**** The data ****
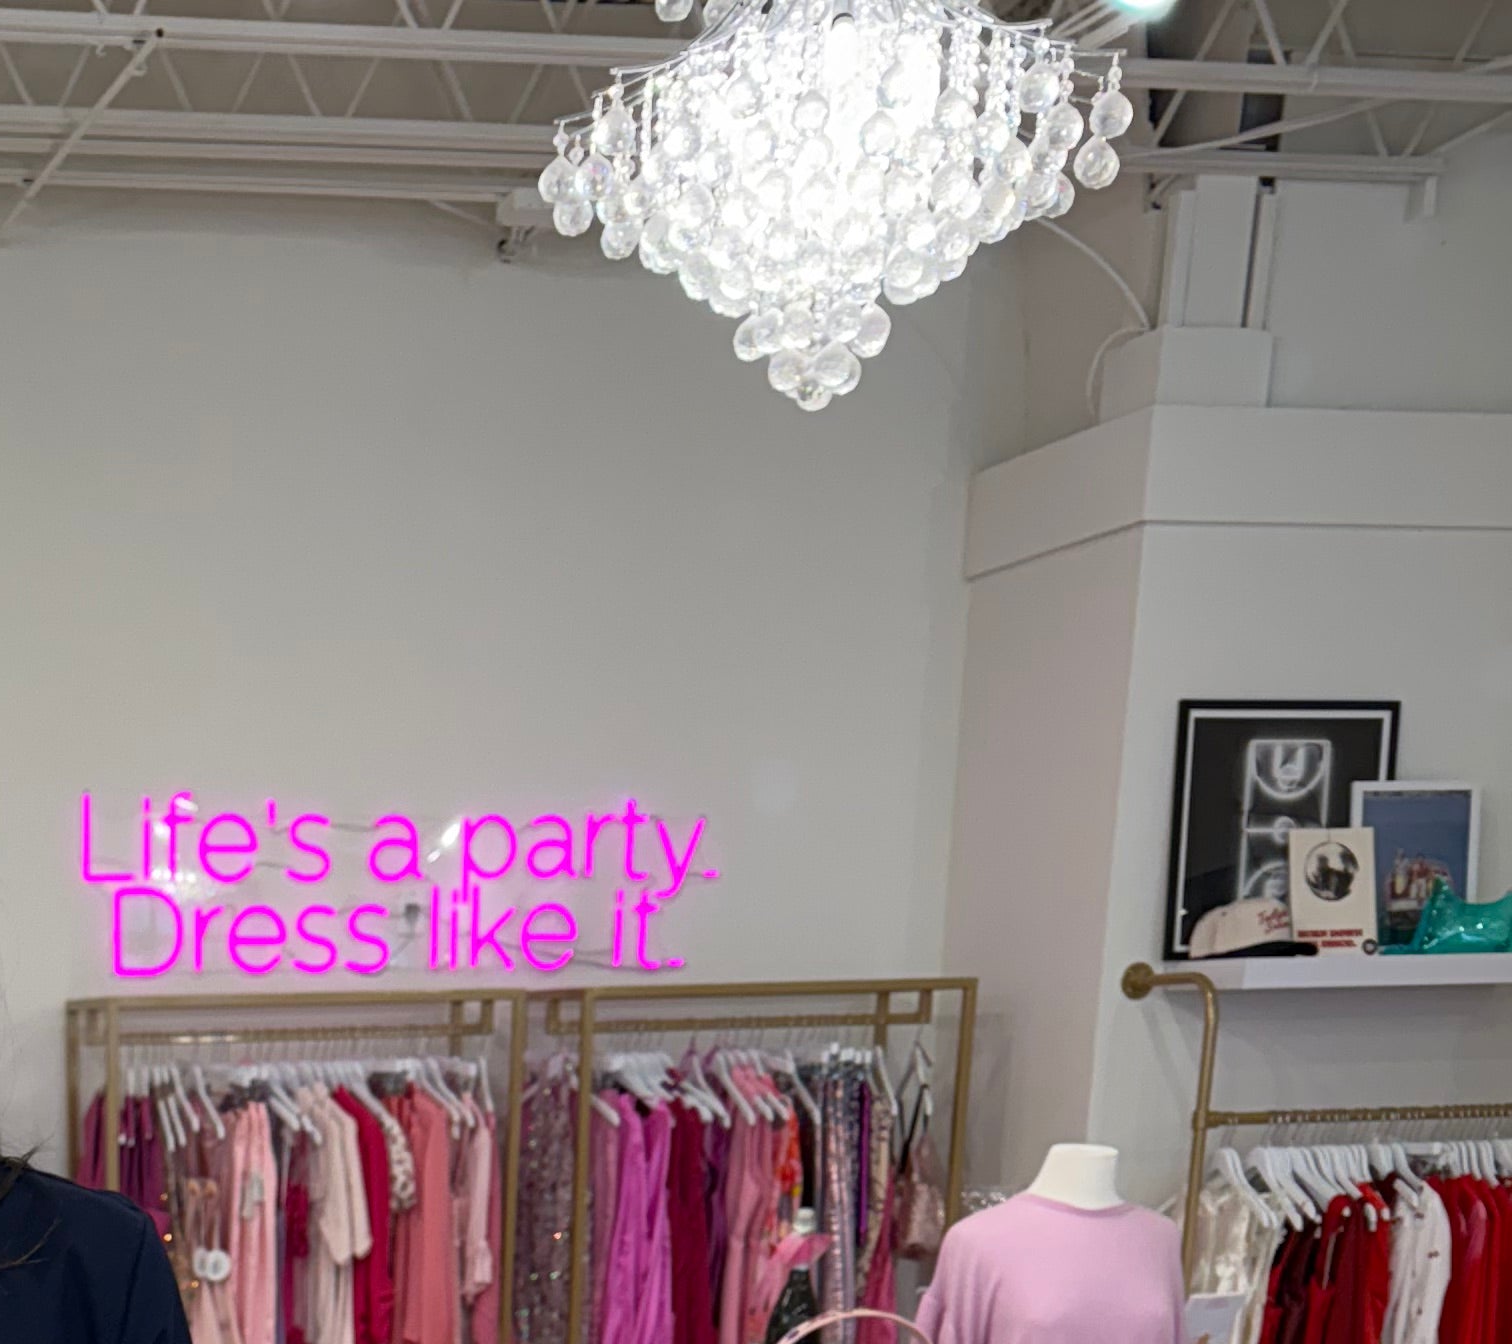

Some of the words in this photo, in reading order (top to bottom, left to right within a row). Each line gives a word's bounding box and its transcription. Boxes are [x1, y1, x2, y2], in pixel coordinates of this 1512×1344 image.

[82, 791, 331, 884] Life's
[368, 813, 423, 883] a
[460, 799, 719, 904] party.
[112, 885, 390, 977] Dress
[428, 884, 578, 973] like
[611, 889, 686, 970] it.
****
* _Task directions_
Copy everything in the records above except the pictures, exactly as written.

* _Finished exercise_
Some of the words in this photo, in reading order (top to bottom, left to right within a row). Each line gives a word's bounding box and its transcription. Boxes are [x1, y1, x2, y2], in pixel coordinates of this 1512×1344 image.

[82, 791, 331, 884] Life's
[368, 813, 423, 883] a
[460, 799, 719, 904] party.
[112, 885, 390, 977] Dress
[428, 884, 578, 973] like
[611, 889, 686, 970] it.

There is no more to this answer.